My experience tells me that both factions want equity to drive policy decisions. Both factions realize that school is but one institution that impacts the lives of students — institutions that administer the health and welfare of our citizens are just as important. Both factions believe in the fight for social justice. I have seen both factions protesting ICE ripping children from their parents at the border, supporting Black Lives Matter, and pushing back at the gerrymandering that has contorted our democracy. We need to realize that just as we are allies in these fights, we can be allies to ensure all students have the opportunities to achieve and lead healthy productive lives.

For example, both factions could work together on teacher quality. Both sides would agree that teachers have the greatest influence on academic achievement in the classroom. Both sides would agree that teachers need to know the impact they have on students under their care. The question moves to how we evaluate the impact of teachers on their students and how we can support those teachers who need professional development and how we can leverage those teachers who excel. I am a firm believer in the power of a compelling argument, so can we have an argument around how to evaluate teachers without accusing reformers of applying business metrics to the issue, and without anti-reformers being accused of only wanting to protect union members?

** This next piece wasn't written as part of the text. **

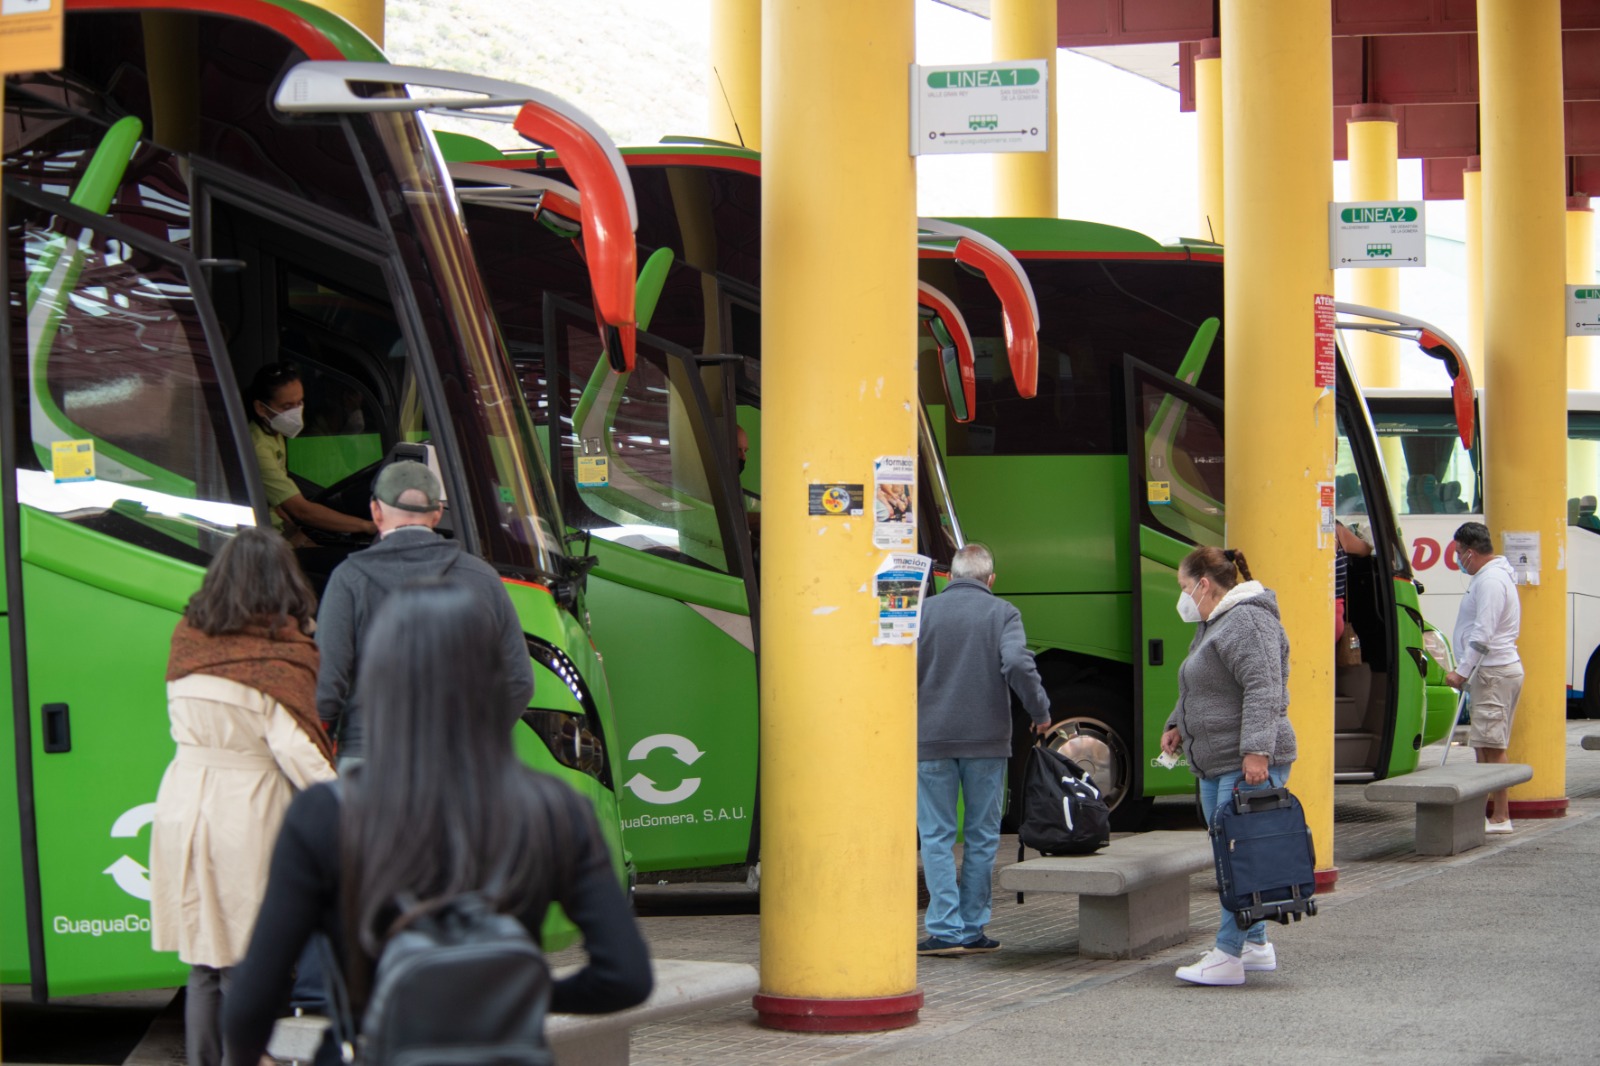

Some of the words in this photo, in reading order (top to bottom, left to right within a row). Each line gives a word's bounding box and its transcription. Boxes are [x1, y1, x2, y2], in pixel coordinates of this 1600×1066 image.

School funding should be an easy rallying point for reformers and anti-reformers. So should school accountability and ensuring teachers entering the profession are prepared and receive the necessary supports to be effective. Funding full day kindergarten has been embraced by both sides. And both sides would agree that the practitioners should be the ones leading the profession.

(Note to my Republican friends. This is not to say you don’t share in many of these ideas. I am addressing those like-minded progressives such as myself.)

In my current role as the State Director for Teach Plus in Colorado, while teaching part-time high school social studies, I interact daily with teachers who are leaders in their schools and districts. All of them focus on what’s best for the profession, which means what’s best for students. They don’t lead with any label other than professional educator, and that’s what unites them. Those who engage in education advocacy can learn from that.

I have interacted with all types of education reformers and anti-reformers and I can say that there is more that unites us than divides us. The next legislative session is an opportunity to work together to ensure we have high quality teachers in every classroom; that we have discipline policies to keep our young black and brown boys from entering the school-to-prison pipeline; that social and emotional learning is not relegated to the back burner of school curriculum; and that K-college funding matches our expectations of a 21st century society.

The psychologist Lynne Namka said, “Labeling is definitive; once we say it, then it holds meaning.” My hope is that the next legislative session focuses on the shared meaning of what we hope to see from our schools and how we can get there.

Mark Sass is the Colorado State Director for Teach Plus. He teaches high school history at Legacy High School in the Adams 12 Five Star School District.